### [PROBLEM STATEMENT]
Although pictures appear in the records, the copy must leave them out and match everything else exactly.

──────── TASK MATERIAL ────────

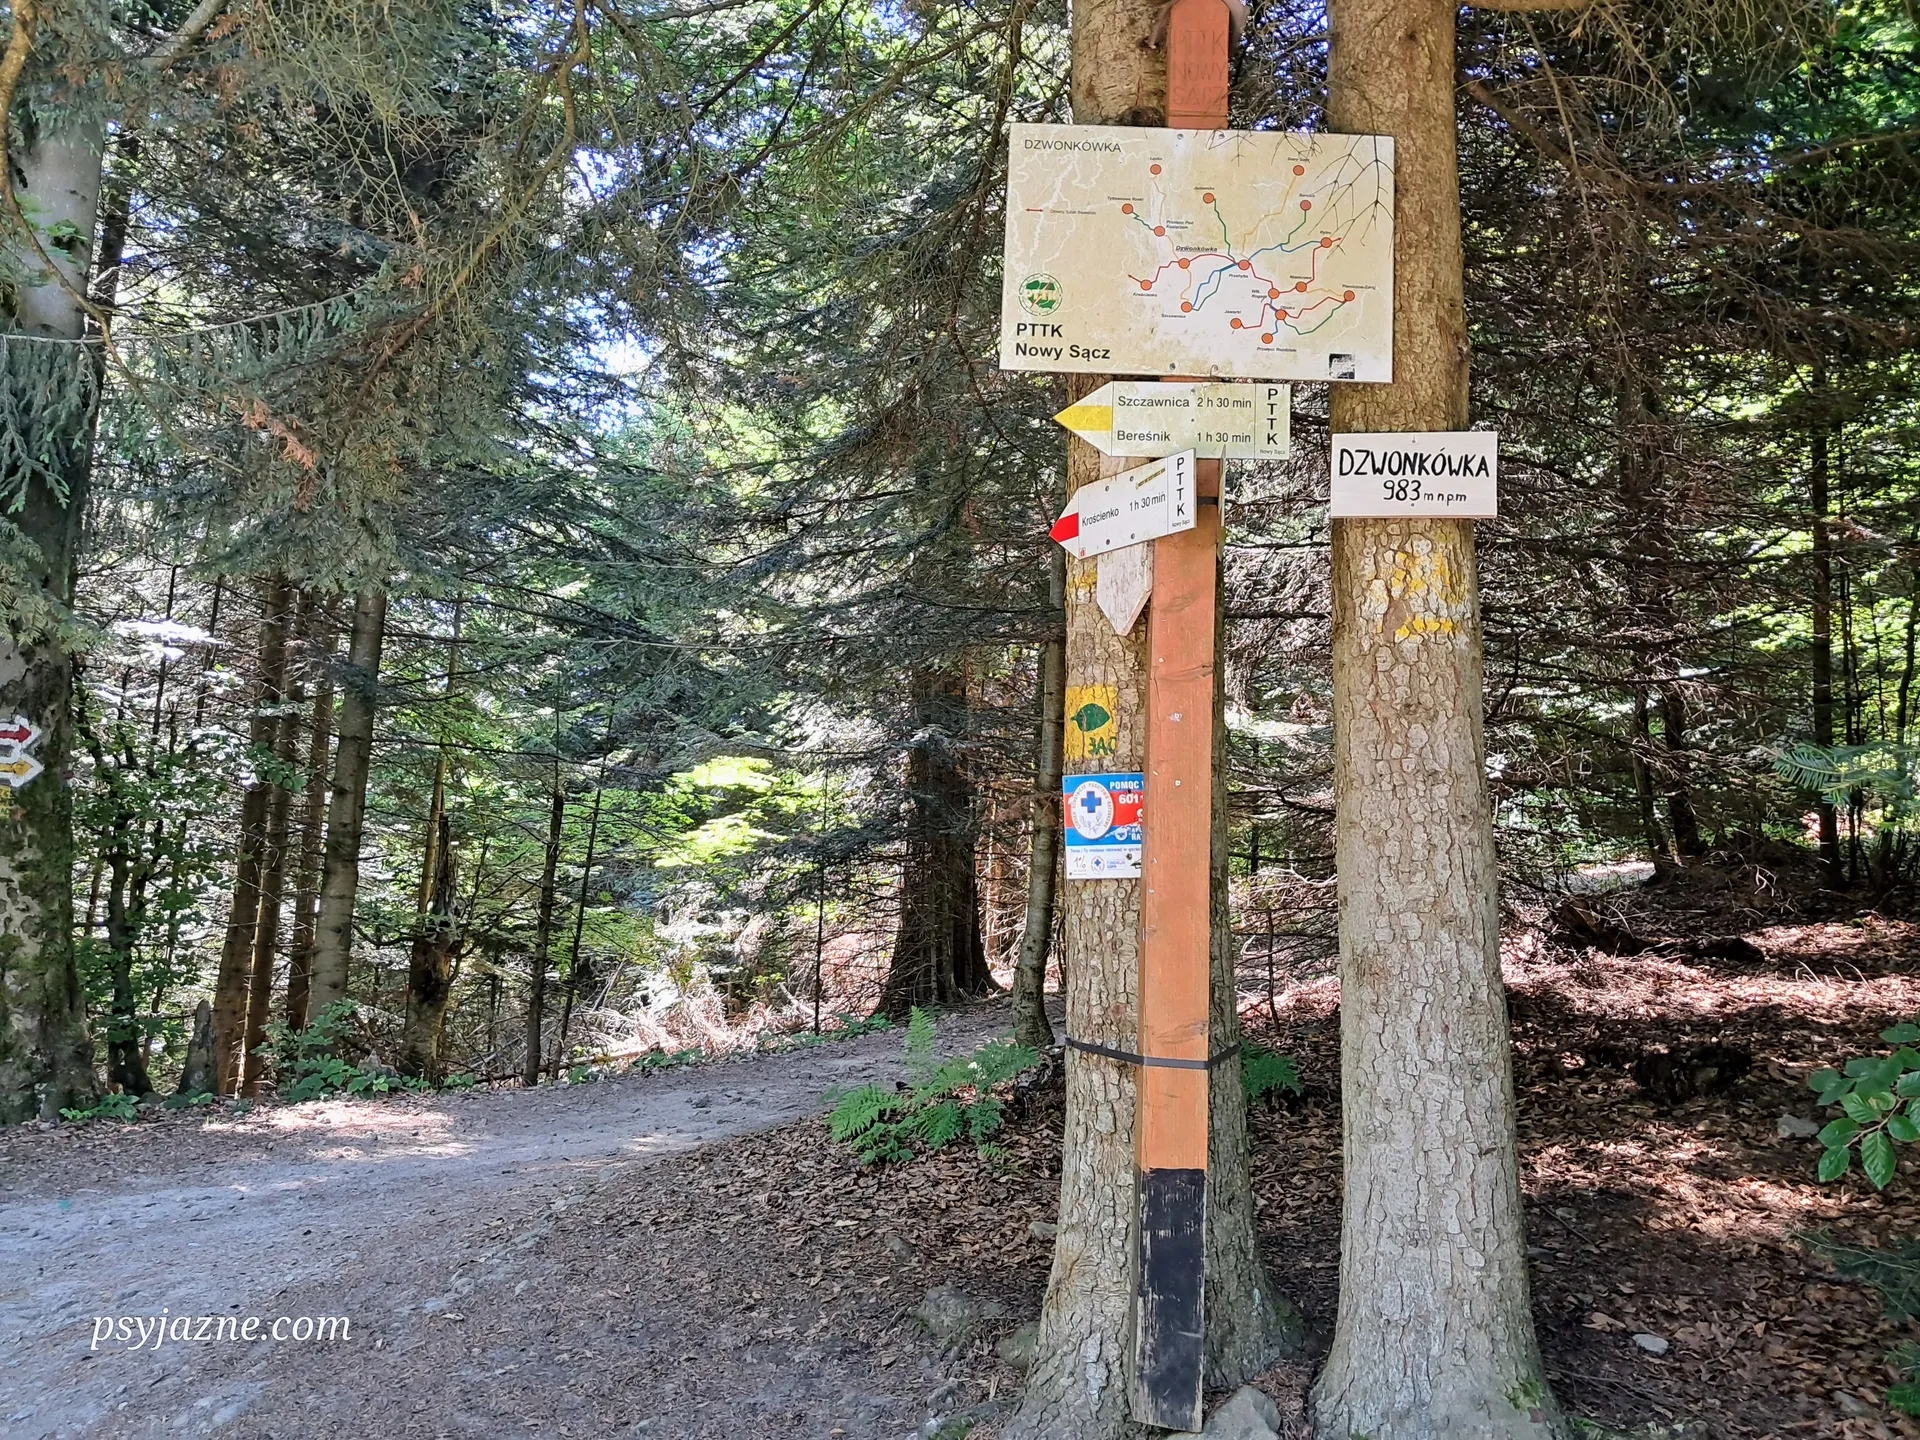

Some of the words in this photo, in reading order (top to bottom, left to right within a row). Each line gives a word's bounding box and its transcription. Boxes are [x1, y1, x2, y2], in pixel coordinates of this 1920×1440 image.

[1173, 29, 1226, 55] PTTK
[1173, 61, 1226, 81] NOWY
[1024, 139, 1122, 153] DZWONKÓWKA
[1016, 322, 1063, 338] PTTK
[1015, 343, 1063, 361] Nowy
[1069, 344, 1111, 361] Sącz
[1117, 396, 1190, 408] Szczawnica
[1197, 398, 1203, 408] 2
[1206, 398, 1213, 408] h
[1215, 398, 1229, 408] 30
[1232, 398, 1252, 408] min
[1266, 388, 1278, 445] PTTK
[1117, 430, 1171, 442] Bereśnik
[1197, 433, 1202, 442] 1
[1206, 433, 1213, 442] h
[1215, 433, 1229, 442] 30
[1232, 432, 1251, 443] min
[1339, 447, 1490, 478] DZWONKÓWKA
[1176, 457, 1185, 517] PTTK
[1383, 479, 1422, 501] 983
[1423, 492, 1434, 501] m
[1082, 508, 1119, 527] Krościenko
[1129, 502, 1133, 511] 1
[1134, 500, 1140, 510] h
[1141, 497, 1151, 508] 30
[1109, 780, 1139, 790] POMOC
[1118, 794, 1139, 804] 601
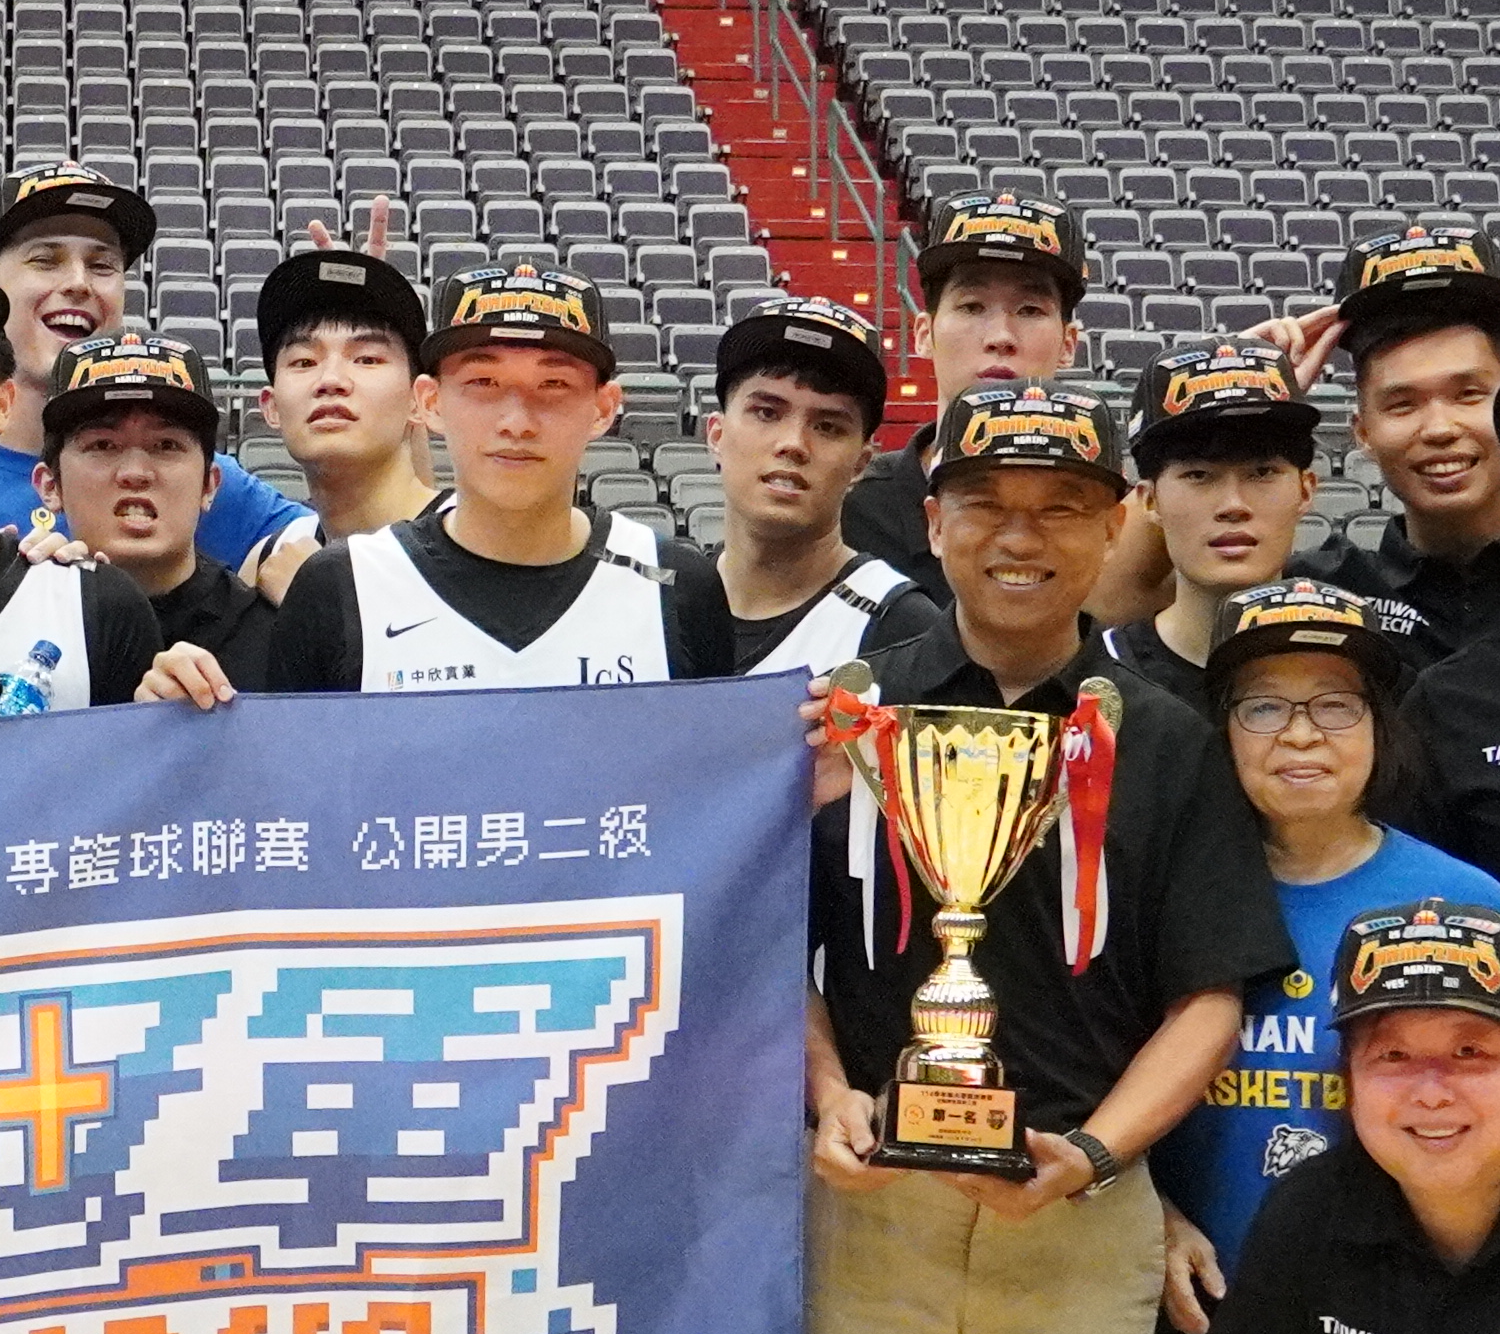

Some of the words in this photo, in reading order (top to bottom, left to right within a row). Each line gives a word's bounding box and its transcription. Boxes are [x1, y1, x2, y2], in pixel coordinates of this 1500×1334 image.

[353, 803, 653, 871] 公開男二級
[1204, 1069, 1347, 1110] SKETB
[932, 1109, 977, 1124] 第一名

────────

### [OUTPUT]
Some of the words in this photo, in reading order (top to bottom, left to right within a row). Each line gives a word's bounding box and its transcription. Boxes are [x1, y1, x2, y2], in pixel coordinates of this 1920×1440 image.

[1173, 29, 1226, 55] PTTK
[1173, 61, 1226, 81] NOWY
[1024, 139, 1122, 153] DZWONKÓWKA
[1016, 322, 1063, 338] PTTK
[1015, 343, 1063, 361] Nowy
[1069, 344, 1111, 361] Sącz
[1117, 396, 1190, 408] Szczawnica
[1197, 398, 1203, 408] 2
[1206, 398, 1213, 408] h
[1215, 398, 1229, 408] 30
[1232, 398, 1252, 408] min
[1266, 388, 1278, 445] PTTK
[1117, 430, 1171, 442] Bereśnik
[1197, 433, 1202, 442] 1
[1206, 433, 1213, 442] h
[1215, 433, 1229, 442] 30
[1232, 432, 1251, 443] min
[1339, 447, 1490, 478] DZWONKÓWKA
[1176, 457, 1185, 517] PTTK
[1383, 479, 1422, 501] 983
[1423, 492, 1434, 501] m
[1082, 508, 1119, 527] Krościenko
[1129, 502, 1133, 511] 1
[1134, 500, 1140, 510] h
[1141, 497, 1151, 508] 30
[1109, 780, 1139, 790] POMOC
[1118, 794, 1139, 804] 601

Some of the words in this photo, in reading order (top to bottom, left to right within a row). Each line gives a word's bounding box and its transcription. Boxes are [x1, y1, x2, y2], in pixel coordinates of this 1500×1334 image.

[353, 803, 653, 871] 公開男二級
[1204, 1069, 1347, 1110] SKETB
[932, 1109, 977, 1124] 第一名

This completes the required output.